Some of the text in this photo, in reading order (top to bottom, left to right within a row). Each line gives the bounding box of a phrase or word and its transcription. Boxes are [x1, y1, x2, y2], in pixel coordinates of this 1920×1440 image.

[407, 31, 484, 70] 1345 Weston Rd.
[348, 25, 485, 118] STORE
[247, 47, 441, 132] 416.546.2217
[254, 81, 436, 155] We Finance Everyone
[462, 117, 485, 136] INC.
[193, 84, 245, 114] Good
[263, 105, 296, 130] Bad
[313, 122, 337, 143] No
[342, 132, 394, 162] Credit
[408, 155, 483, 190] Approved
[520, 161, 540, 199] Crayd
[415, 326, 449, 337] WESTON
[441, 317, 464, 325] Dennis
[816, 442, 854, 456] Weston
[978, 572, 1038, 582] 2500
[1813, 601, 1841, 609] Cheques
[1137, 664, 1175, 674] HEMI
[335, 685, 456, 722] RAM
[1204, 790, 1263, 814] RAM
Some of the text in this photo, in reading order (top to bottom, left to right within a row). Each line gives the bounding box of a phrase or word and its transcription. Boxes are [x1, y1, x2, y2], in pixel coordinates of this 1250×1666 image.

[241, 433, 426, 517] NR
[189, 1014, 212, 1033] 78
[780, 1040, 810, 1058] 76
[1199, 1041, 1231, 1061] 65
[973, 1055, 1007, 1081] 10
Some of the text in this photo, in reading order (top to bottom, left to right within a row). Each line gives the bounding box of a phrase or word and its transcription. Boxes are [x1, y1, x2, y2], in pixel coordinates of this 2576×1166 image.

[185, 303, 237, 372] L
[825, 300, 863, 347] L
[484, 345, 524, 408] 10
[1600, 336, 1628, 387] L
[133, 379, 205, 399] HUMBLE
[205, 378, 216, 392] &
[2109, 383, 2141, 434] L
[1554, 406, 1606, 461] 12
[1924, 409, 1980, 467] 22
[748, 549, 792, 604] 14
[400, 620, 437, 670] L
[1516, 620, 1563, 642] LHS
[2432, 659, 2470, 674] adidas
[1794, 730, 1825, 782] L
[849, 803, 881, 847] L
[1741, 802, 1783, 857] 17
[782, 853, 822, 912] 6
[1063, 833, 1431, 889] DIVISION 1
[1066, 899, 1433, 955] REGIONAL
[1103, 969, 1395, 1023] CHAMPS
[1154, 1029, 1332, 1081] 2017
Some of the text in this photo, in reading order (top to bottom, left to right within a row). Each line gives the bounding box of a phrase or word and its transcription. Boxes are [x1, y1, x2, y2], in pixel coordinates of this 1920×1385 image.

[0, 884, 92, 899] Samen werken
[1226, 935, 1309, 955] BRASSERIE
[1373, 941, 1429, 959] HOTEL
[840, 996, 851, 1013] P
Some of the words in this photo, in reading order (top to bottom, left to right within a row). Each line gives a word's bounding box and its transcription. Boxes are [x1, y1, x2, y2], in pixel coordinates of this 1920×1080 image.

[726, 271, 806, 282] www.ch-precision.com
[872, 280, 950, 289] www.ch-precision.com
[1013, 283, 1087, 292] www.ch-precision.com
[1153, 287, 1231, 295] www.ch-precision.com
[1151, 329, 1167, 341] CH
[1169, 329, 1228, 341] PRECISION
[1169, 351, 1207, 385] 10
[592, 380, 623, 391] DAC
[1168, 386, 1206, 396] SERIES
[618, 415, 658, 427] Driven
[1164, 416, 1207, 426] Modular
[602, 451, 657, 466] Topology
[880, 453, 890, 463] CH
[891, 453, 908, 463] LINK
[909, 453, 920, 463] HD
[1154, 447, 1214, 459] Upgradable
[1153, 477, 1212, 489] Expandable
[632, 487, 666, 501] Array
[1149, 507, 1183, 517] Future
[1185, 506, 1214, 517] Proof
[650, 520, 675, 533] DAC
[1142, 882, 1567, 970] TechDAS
+ + + +
Requirement — Transcribe all entries exactly as they appear above.

Expected answer —
Some of the text in this photo, in reading order (top to bottom, left to right within a row). Each line gives the bounding box of a phrase or word and its transcription. Boxes are [x1, y1, x2, y2], in pixel coordinates of this 1920×1440 image.

[407, 31, 484, 70] 1345 Weston Rd.
[348, 25, 485, 118] STORE
[247, 47, 441, 132] 416.546.2217
[254, 81, 436, 155] We Finance Everyone
[462, 117, 485, 136] INC.
[193, 84, 245, 114] Good
[263, 105, 296, 130] Bad
[313, 122, 337, 143] No
[342, 132, 394, 162] Credit
[408, 155, 483, 190] Approved
[520, 161, 540, 199] Crayd
[415, 326, 449, 337] WESTON
[441, 317, 464, 325] Dennis
[816, 442, 854, 456] Weston
[978, 572, 1038, 582] 2500
[1813, 601, 1841, 609] Cheques
[1137, 664, 1175, 674] HEMI
[335, 685, 456, 722] RAM
[1204, 790, 1263, 814] RAM
Some of the text in this photo, in reading order (top to bottom, left to right within a row). Each line gives the bounding box of a phrase or word and its transcription. Boxes are [x1, y1, x2, y2], in pixel coordinates of this 1250×1666 image.

[241, 433, 426, 517] NR
[189, 1014, 212, 1033] 78
[780, 1040, 810, 1058] 76
[1199, 1041, 1231, 1061] 65
[973, 1055, 1007, 1081] 10
Some of the text in this photo, in reading order (top to bottom, left to right within a row). Each line gives the bounding box of a phrase or word and its transcription. Boxes are [x1, y1, x2, y2], in pixel coordinates of this 2576×1166 image.

[185, 303, 237, 372] L
[825, 300, 863, 347] L
[484, 345, 524, 408] 10
[1600, 336, 1628, 387] L
[133, 379, 205, 399] HUMBLE
[205, 378, 216, 392] &
[2109, 383, 2141, 434] L
[1554, 406, 1606, 461] 12
[1924, 409, 1980, 467] 22
[748, 549, 792, 604] 14
[400, 620, 437, 670] L
[1516, 620, 1563, 642] LHS
[2432, 659, 2470, 674] adidas
[1794, 730, 1825, 782] L
[849, 803, 881, 847] L
[1741, 802, 1783, 857] 17
[782, 853, 822, 912] 6
[1063, 833, 1431, 889] DIVISION 1
[1066, 899, 1433, 955] REGIONAL
[1103, 969, 1395, 1023] CHAMPS
[1154, 1029, 1332, 1081] 2017
Some of the text in this photo, in reading order (top to bottom, left to right within a row). Each line gives the bounding box of a phrase or word and its transcription. Boxes are [x1, y1, x2, y2], in pixel coordinates of this 1920×1385 image.

[0, 884, 92, 899] Samen werken
[1226, 935, 1309, 955] BRASSERIE
[1373, 941, 1429, 959] HOTEL
[840, 996, 851, 1013] P
Some of the words in this photo, in reading order (top to bottom, left to right within a row). Each line gives a word's bounding box and its transcription. Boxes are [x1, y1, x2, y2], in pixel coordinates of this 1920×1080 image.

[726, 271, 806, 282] www.ch-precision.com
[872, 280, 950, 289] www.ch-precision.com
[1013, 283, 1087, 292] www.ch-precision.com
[1153, 287, 1231, 295] www.ch-precision.com
[1151, 329, 1167, 341] CH
[1169, 329, 1228, 341] PRECISION
[1169, 351, 1207, 385] 10
[592, 380, 623, 391] DAC
[1168, 386, 1206, 396] SERIES
[618, 415, 658, 427] Driven
[1164, 416, 1207, 426] Modular
[602, 451, 657, 466] Topology
[880, 453, 890, 463] CH
[891, 453, 908, 463] LINK
[909, 453, 920, 463] HD
[1154, 447, 1214, 459] Upgradable
[1153, 477, 1212, 489] Expandable
[632, 487, 666, 501] Array
[1149, 507, 1183, 517] Future
[1185, 506, 1214, 517] Proof
[650, 520, 675, 533] DAC
[1142, 882, 1567, 970] TechDAS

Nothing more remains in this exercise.